_ASSIGNED TASK_
Only the pictures should be dropped; every line of the data must come back exactly as written.

↓

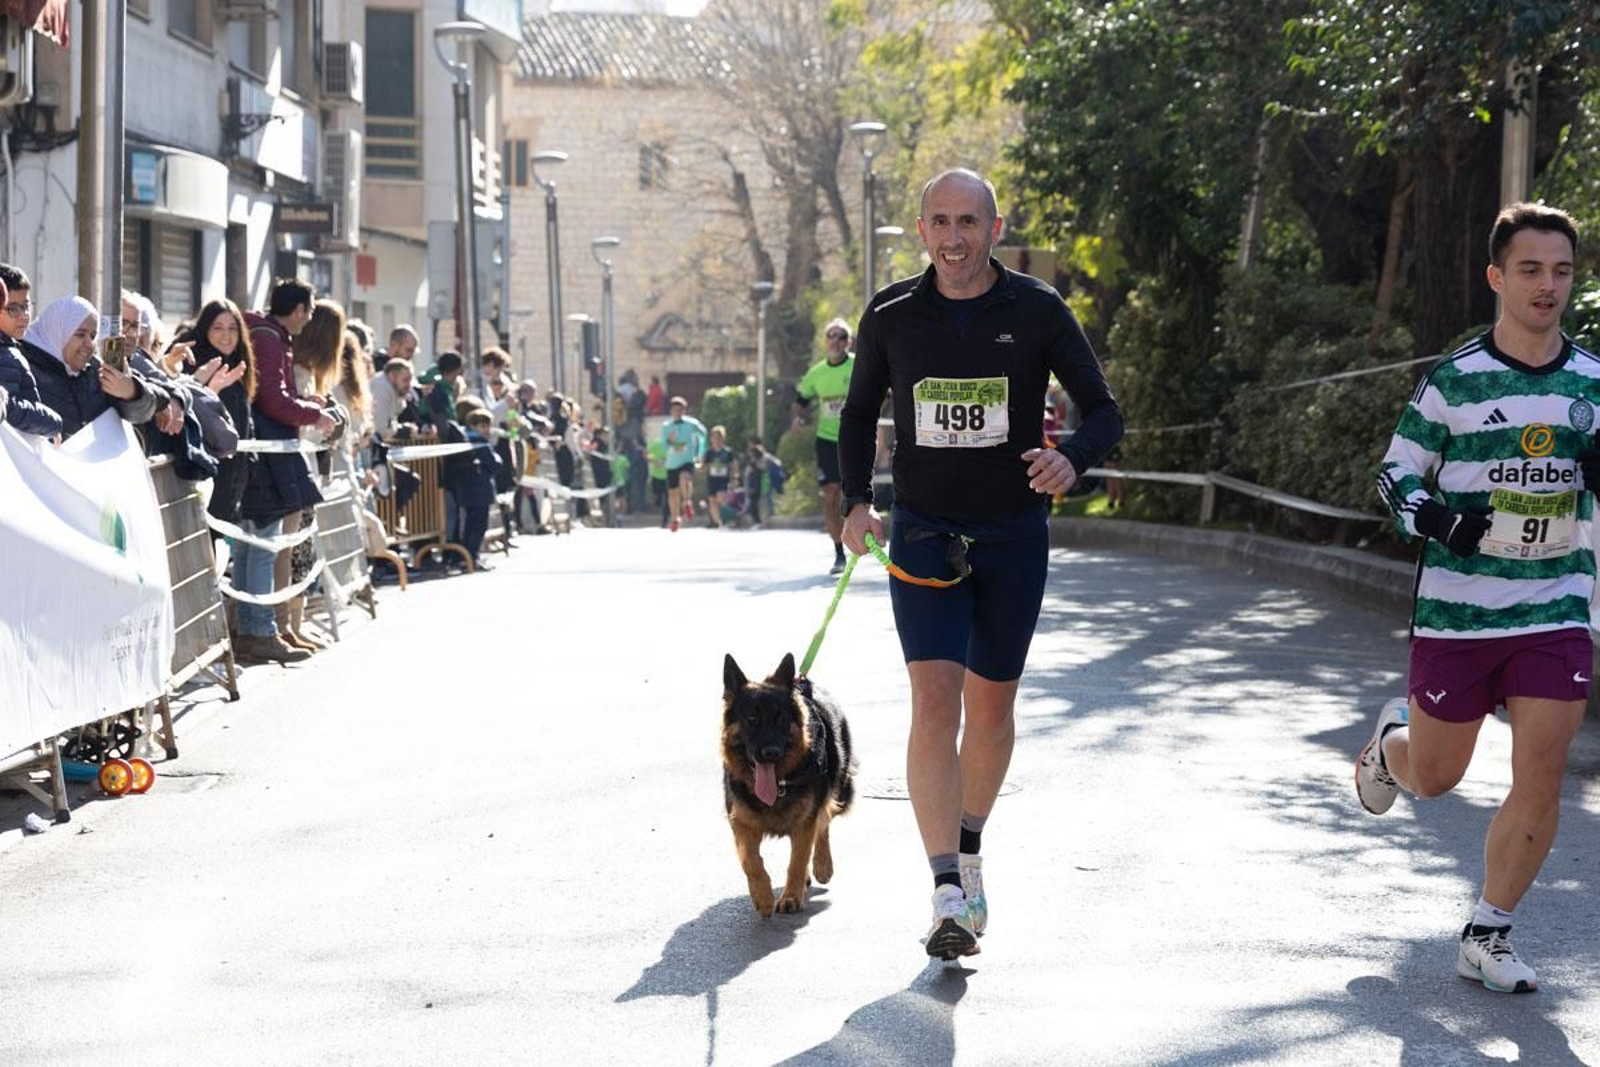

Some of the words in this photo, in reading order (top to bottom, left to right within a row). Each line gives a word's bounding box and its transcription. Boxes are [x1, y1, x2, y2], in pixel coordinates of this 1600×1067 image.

[943, 382, 957, 390] JUAN
[959, 382, 977, 391] BOSCO
[950, 392, 973, 400] POPULAR
[934, 403, 985, 431] 498
[1511, 491, 1522, 502] SAN
[1526, 494, 1541, 504] JUAN
[1504, 501, 1529, 514] CARRERA
[1531, 504, 1554, 514] POPULAR
[1521, 518, 1549, 544] 91

↑

_ANSWER TO THE EXERCISE_
Some of the words in this photo, in reading order (top to bottom, left to right within a row). Each line gives a word's bounding box and its transcription. Boxes are [x1, y1, x2, y2], in pixel coordinates of this 1600×1067 image.

[943, 382, 957, 390] JUAN
[959, 382, 977, 391] BOSCO
[950, 392, 973, 400] POPULAR
[934, 403, 985, 431] 498
[1511, 491, 1522, 502] SAN
[1526, 494, 1541, 504] JUAN
[1504, 501, 1529, 514] CARRERA
[1531, 504, 1554, 514] POPULAR
[1521, 518, 1549, 544] 91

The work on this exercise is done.